As exportações de ovos voltaram a crescer em agosto, após meses de queda no acumulado do ano.
Foram embarcadas 2,322 mil toneladas de produtos in natura e processados, alta de 9,1% em relação às 2,129 mil toneladas registradas no mesmo mês de 2025, segundo a Associação Brasileira de Proteína Animal (ABPA).
Exportações de ovos

Apesar do aumento no volume, a receita com as vendas externas caiu 15% na comparação anual. O setor movimentou US$ 4,868 milhões em agosto, ante US$ 5,729 milhões no mesmo período do ano passado.
O desempenho de agosto, no entanto, não foi suficiente para reverter a retração registrada em 2026. Entre janeiro e agosto, o Brasil exportou 19,982 mil toneladas de ovos, queda de 38,1% frente às 32,303 mil toneladas embarcadas nos primeiros oito meses de 2025. Em receita, o recuo foi de 41,7%, passando de US$ 75,295 milhões para US$ 43,903 milhões.

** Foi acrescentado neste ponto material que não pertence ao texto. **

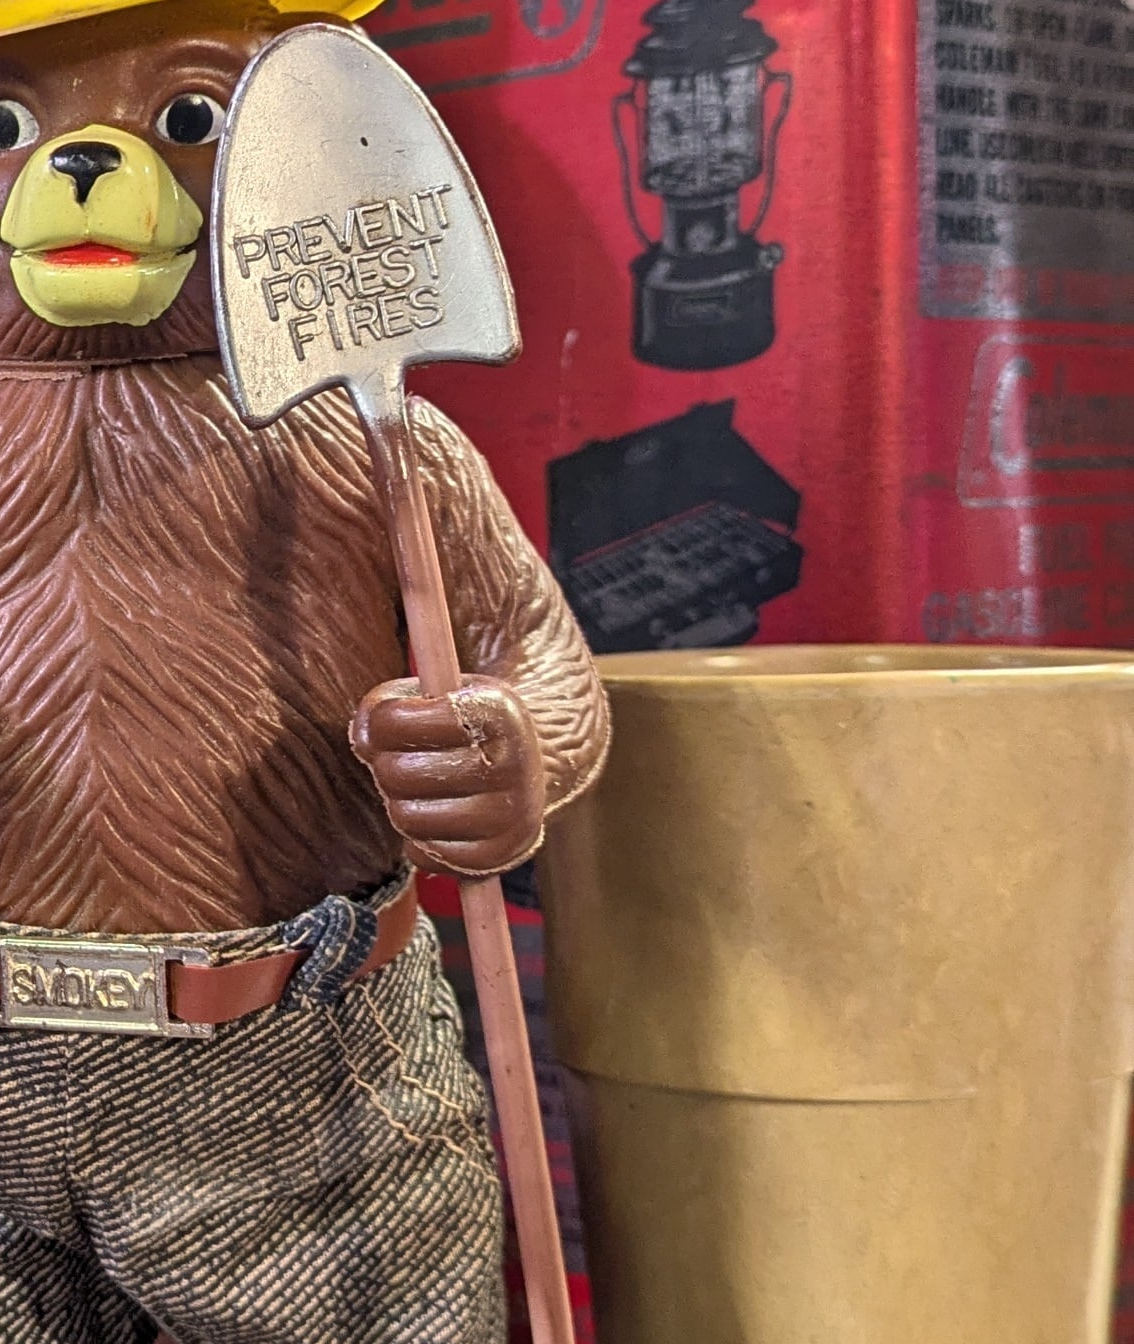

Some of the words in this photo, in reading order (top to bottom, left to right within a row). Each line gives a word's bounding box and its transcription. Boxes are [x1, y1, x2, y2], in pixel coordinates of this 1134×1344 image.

[233, 183, 452, 279] PREVENT
[261, 234, 444, 321] FOREST
[288, 285, 444, 362] FIRES
[12, 962, 156, 1011] SMOKEY

A distribuição dos embarques também mudou entre os principais mercados. O Chile foi o principal destino em agosto, com 1,213 mil toneladas, mais de seis vezes o volume registrado no mesmo mês do ano passado, quando foram enviadas 172 toneladas.

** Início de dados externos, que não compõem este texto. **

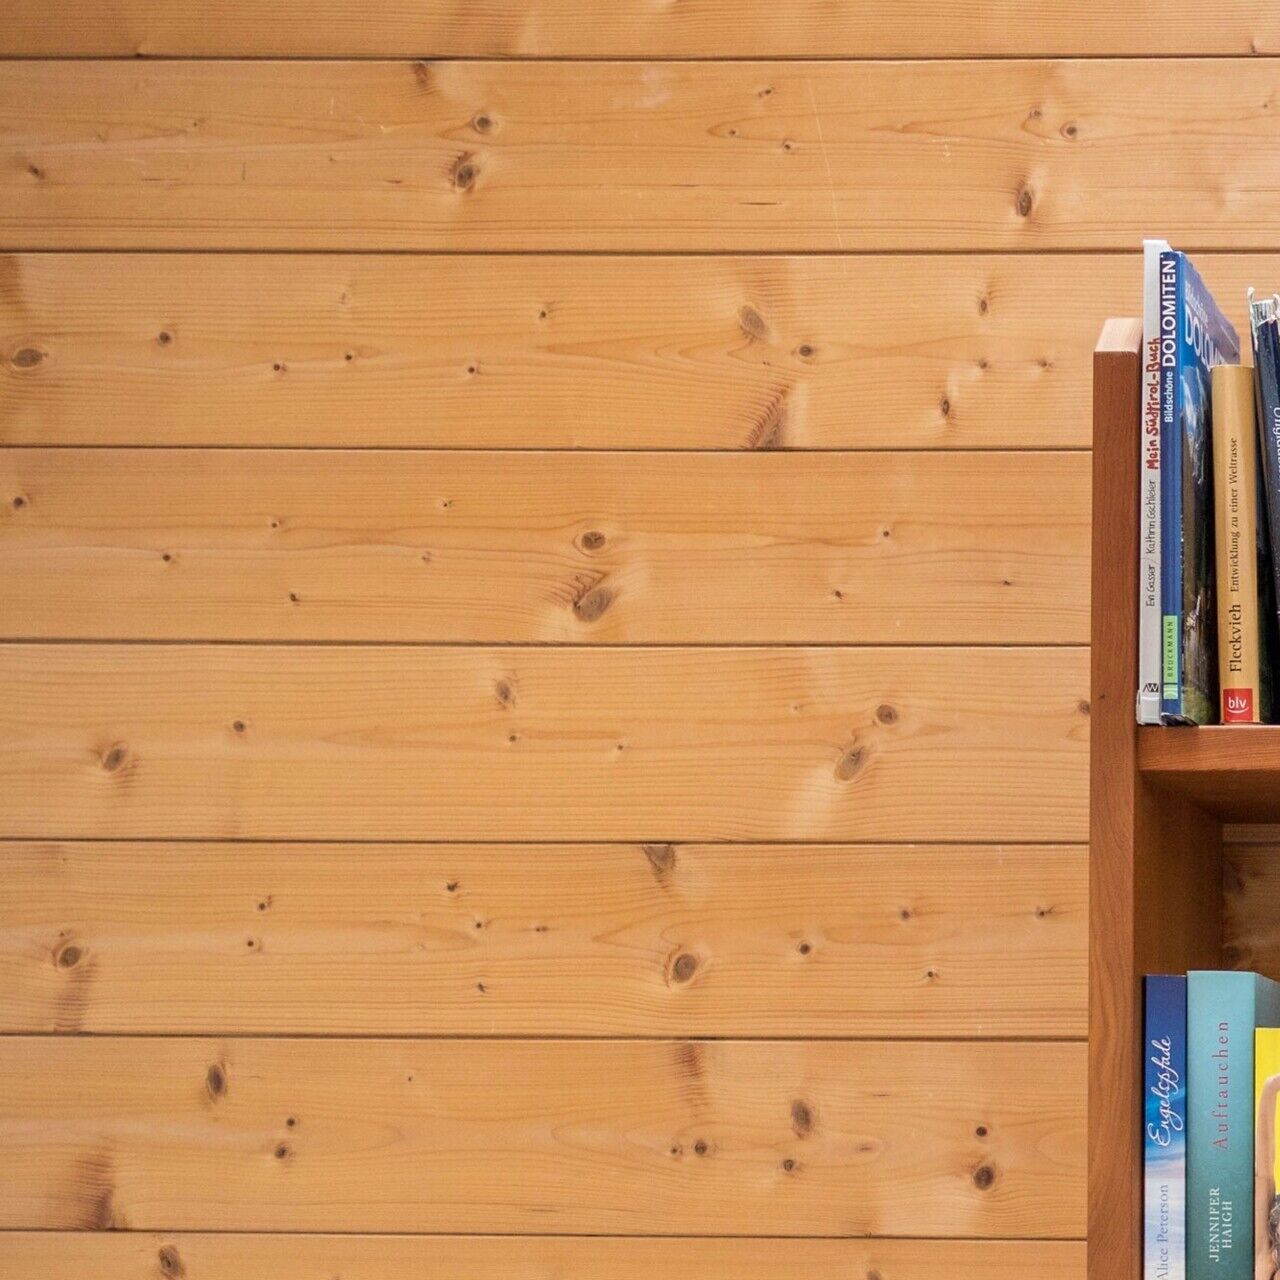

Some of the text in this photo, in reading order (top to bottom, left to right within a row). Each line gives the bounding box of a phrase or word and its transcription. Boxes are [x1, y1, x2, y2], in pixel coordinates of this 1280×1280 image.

[1162, 261, 1176, 422] Bildschöne DOLOMITEN
[1147, 442, 1158, 470] Mein
[1228, 437, 1242, 672] Fleckvieh Entwicklung zu einer Weltrasse
[1228, 697, 1246, 708] blv
[1148, 1036, 1183, 1147] Engelspfade
[1212, 1022, 1228, 1150] Auftauchen
[1209, 1188, 1220, 1262] JENNIFER
[1222, 1201, 1232, 1248] HAIGH

Na sequência aparecem Vietnã, com 275 toneladas; Serra Leoa, com 160 toneladas; México, com 144 toneladas, queda de 52,6%; e Japão, com 140 toneladas, recuo de 75,8%.

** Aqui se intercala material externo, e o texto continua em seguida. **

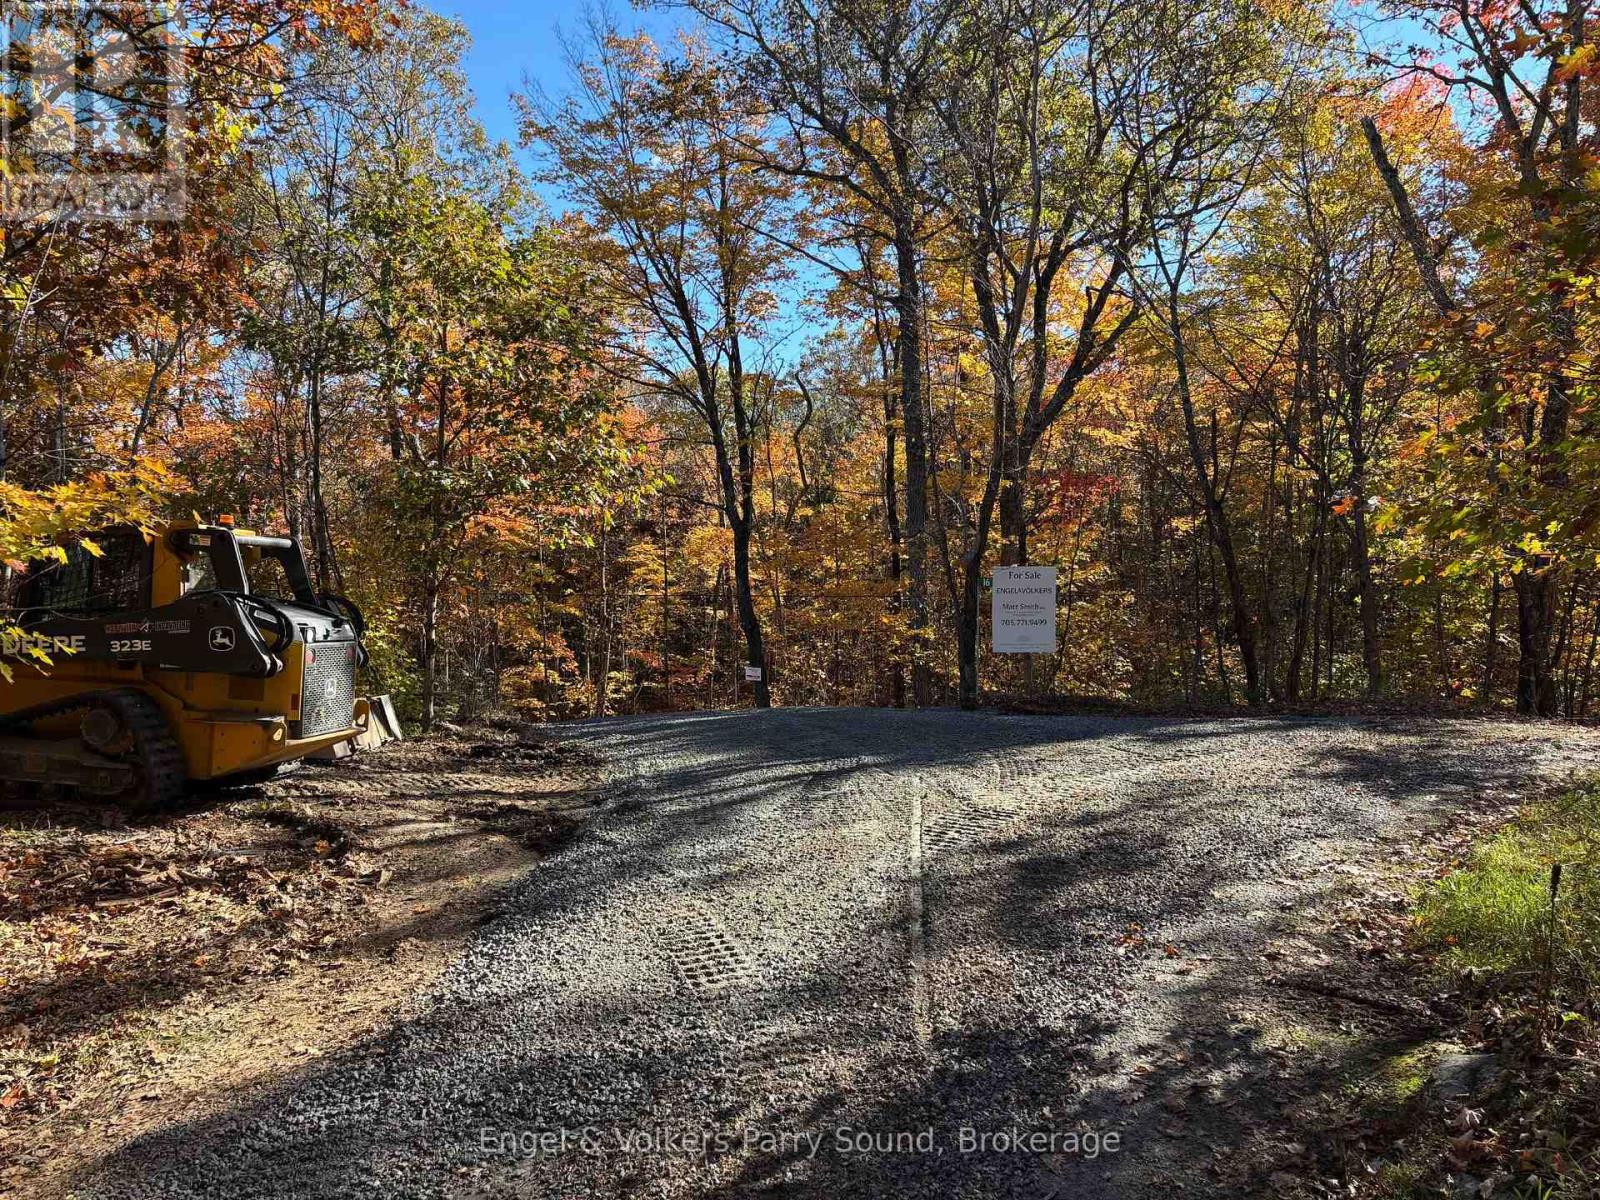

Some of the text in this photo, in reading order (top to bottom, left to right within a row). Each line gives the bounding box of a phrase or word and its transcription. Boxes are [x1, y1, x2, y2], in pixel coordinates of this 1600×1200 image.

Para a ABPA, o resultado de agosto indica uma recuperação das vendas externas em alguns mercados e maior diversificação dos destinos.
O desempenho, porém, ainda está distante do registrado em 2025, considerado um período fora da curva para as exportações brasileiras de ovos, especialmente em razão da demanda do mercado norte-americano.